For us, marinated in digital images, this notion of mass media might seem quaint. So too the laborious process of scouring magazines for the right image, and the scalpel and Cow Gum skills required. We swim in a world of images, most of them coming to us already out of context. With tools like Google Images and Photoshop, we can find things and process them instantly. We have AI images, which are, in some ways, a form of collage—all of visual history is sliced-up into pixel-sized pieces and reassembled in new forms. It’s both all too much and all too easy. – Sam Jacob
This informal, one-day exhibition concludes a series of events organised by Drawing Matter with the architect Sam Jacob. On Friday, Sam gave a talk on his personal interests in collage, weaving a narrative from Richard Hamilton’s ‘Just what is it that makes today’s homes so different, so appealing?’ (1956) and Linder’s cover for the Buzzcocks’ single ‘Orgasm Addict’ (1977) through to his projects with FAT (Fashion, Architecture, Taste) and his uses of collage as a tool for Sam Jacob Studio’s research and design.
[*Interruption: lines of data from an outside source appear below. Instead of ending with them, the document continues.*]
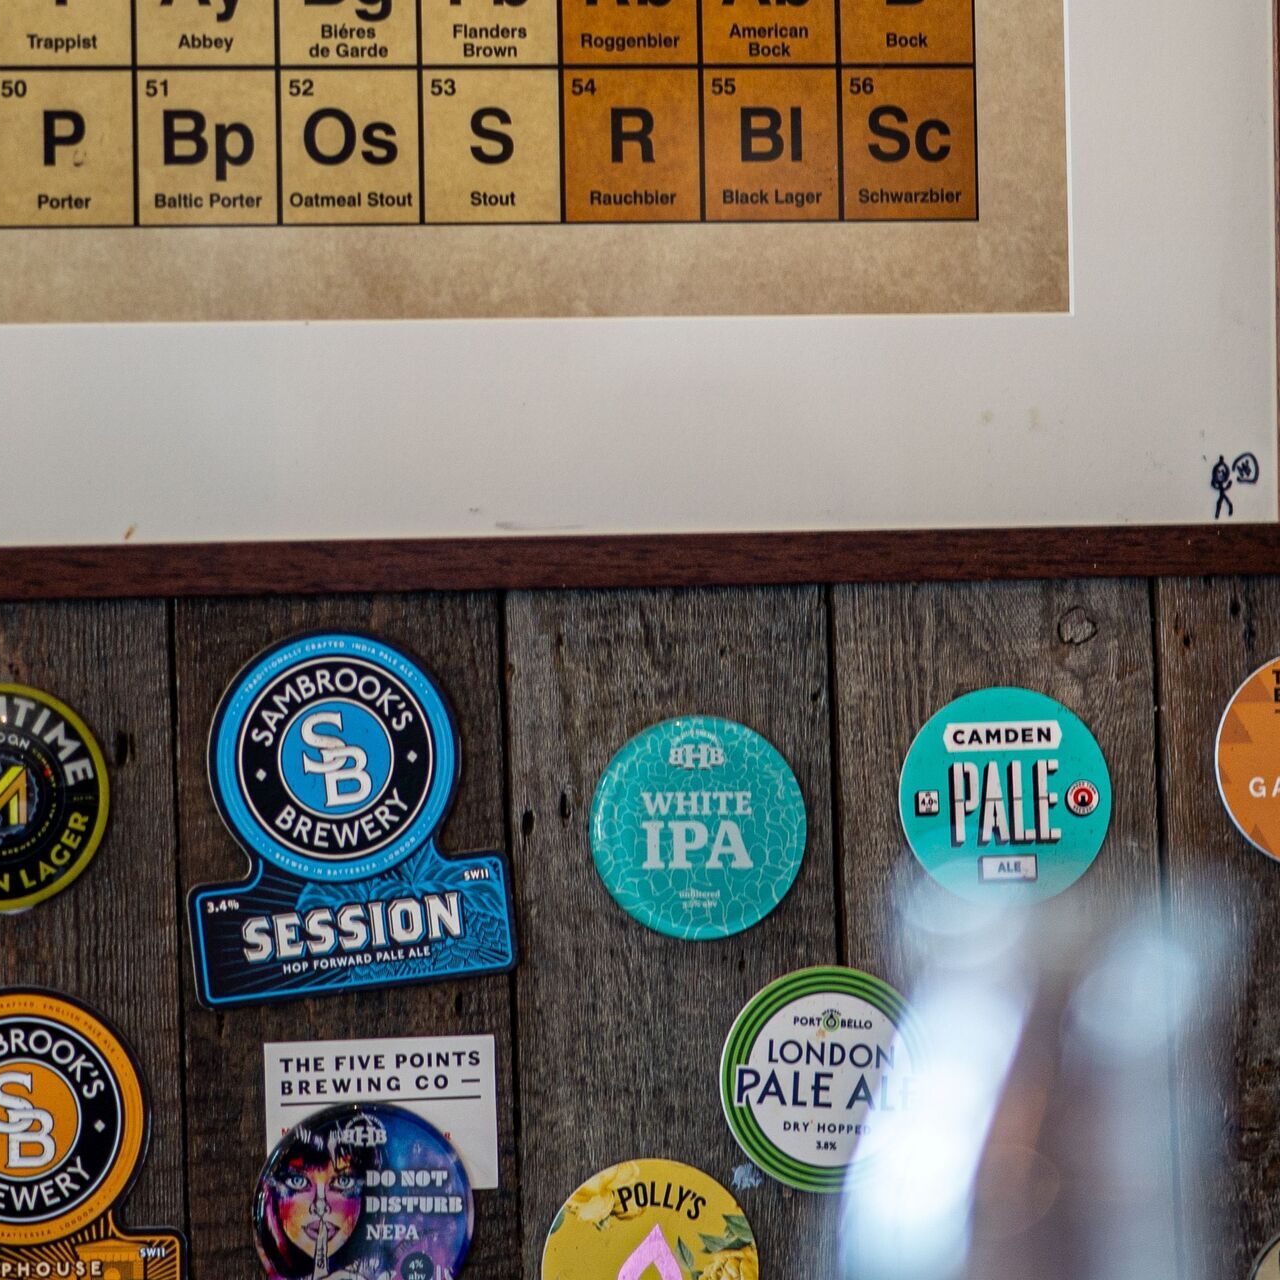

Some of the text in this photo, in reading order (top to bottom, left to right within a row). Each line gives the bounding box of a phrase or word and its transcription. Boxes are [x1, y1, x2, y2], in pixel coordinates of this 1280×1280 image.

[43, 109, 85, 166] P
[163, 109, 254, 181] Bp
[304, 107, 398, 166] Os
[470, 107, 514, 165] S
[611, 107, 655, 163] R
[740, 106, 802, 162] Bl
[868, 104, 951, 163] Sc
[252, 668, 414, 747] SAMBROOK'S
[953, 727, 1051, 745] CAMDEN
[274, 788, 409, 849] BREWERY
[641, 791, 753, 816] WHITE
[950, 759, 1062, 846] PALE
[21, 811, 89, 889] LAGER
[641, 820, 754, 869] IPA
[998, 861, 1021, 873] ALE
[242, 891, 463, 963] SESSION
[283, 945, 431, 975] HOP FORWARD PALE ALE
[279, 1051, 481, 1073] THE FIVE POINTS
[768, 1040, 895, 1069] LONDON
[280, 1075, 449, 1096] BREWING CO
[737, 1068, 834, 1108] PALE
[366, 1170, 448, 1187] DO NOT
[366, 1197, 463, 1213] DISTURB
[366, 1224, 419, 1240] NEPA
A selection of slides from the talk are pinned up on the wall panels; a recording will be published on Drawing Matter’s website in the coming weeks.
On Saturday, Sam led a workshop using reproductions of newspaper and magazine cuttings from Superstudio’s collage chest, which was used by the radical architects from the mid-1960s to the early 1970s and is now part of Drawing Matter’s collection. During the workshop, participants were invited to cut-up and compose their own collages, in the process inhabiting the media landscape that Superstudio were co-opting and contesting, and bringing their own narratives and creative interpretations to the material. The collages made during the workshop are presented on the four tables in the middle of the archive along with works by Sam lent for the exhibition.
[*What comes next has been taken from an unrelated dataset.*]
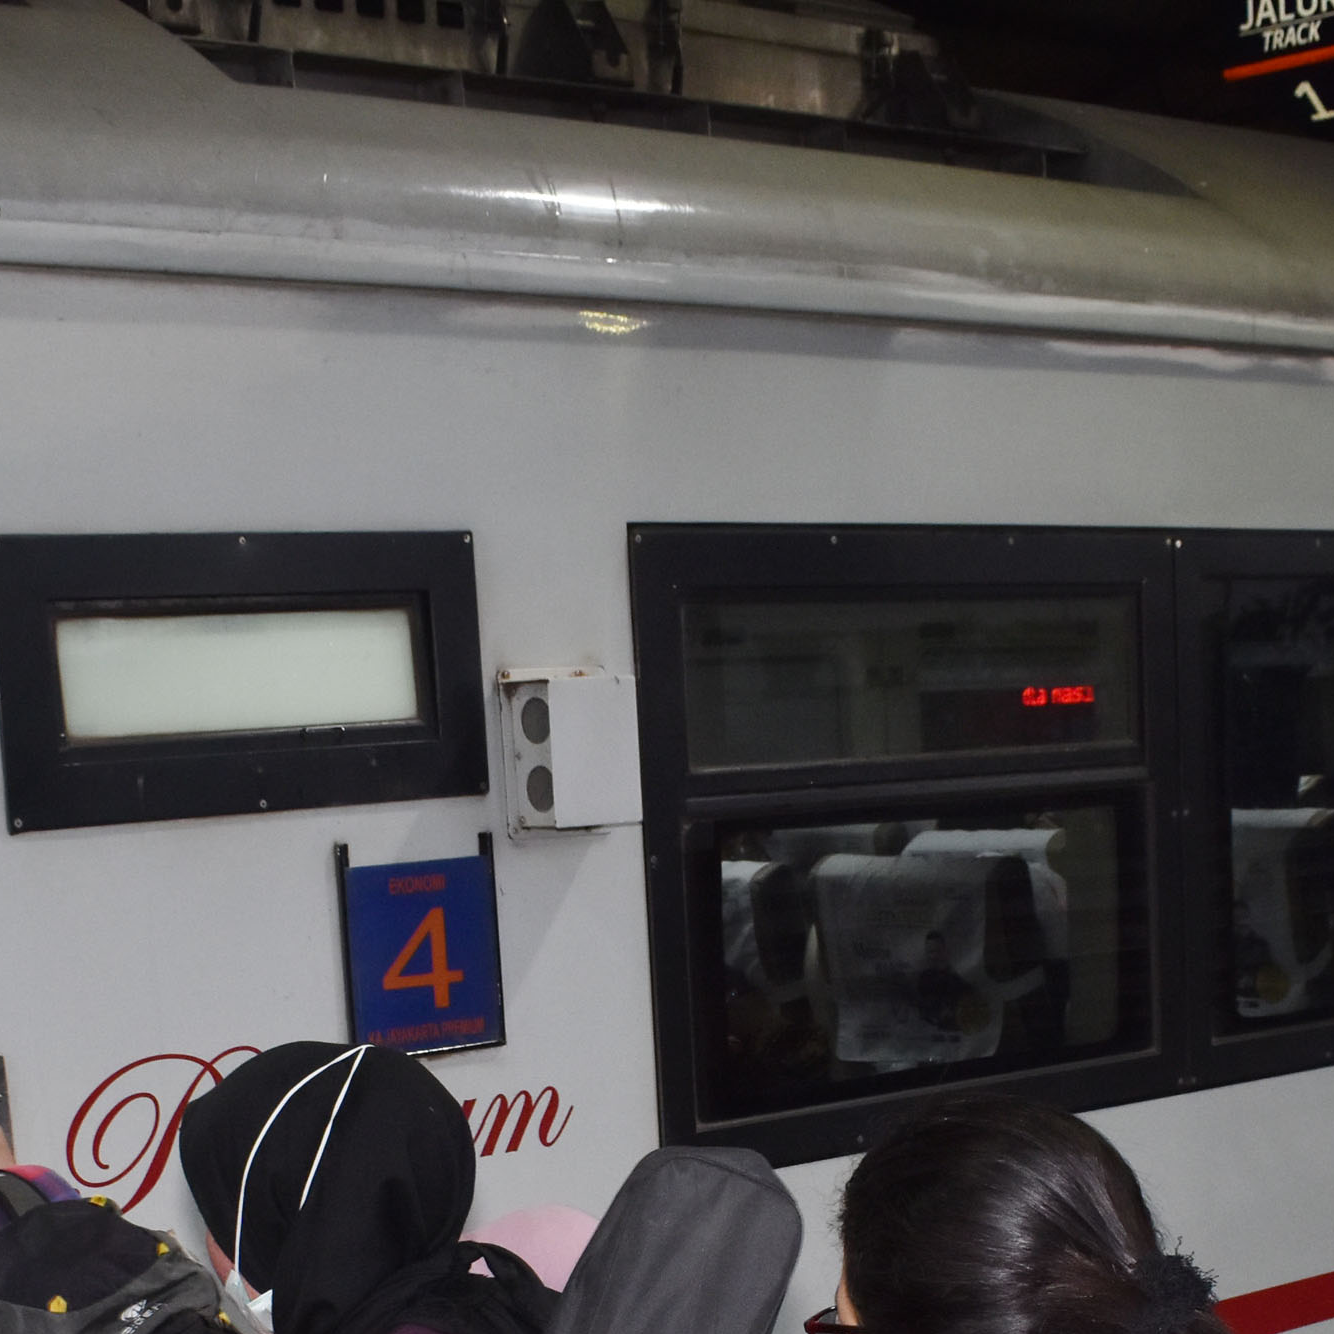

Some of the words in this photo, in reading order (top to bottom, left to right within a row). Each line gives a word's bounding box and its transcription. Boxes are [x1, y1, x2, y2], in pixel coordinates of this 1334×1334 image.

[1263, 20, 1322, 53] TRACK
[389, 874, 446, 896] EKONOMI
[382, 906, 464, 1009] 4
On the wall panels and plan chest tops are a selection of collages from the Drawing Matter collection, which show the manifold ways that collage has been used by architects, designers and artists as a tool to express and generate ideas. Spanning from the 1920s to the 2010s, the selection brings together fantastical and rhetorical propositions—both unbuilt and unbuildable—with more realisable projects.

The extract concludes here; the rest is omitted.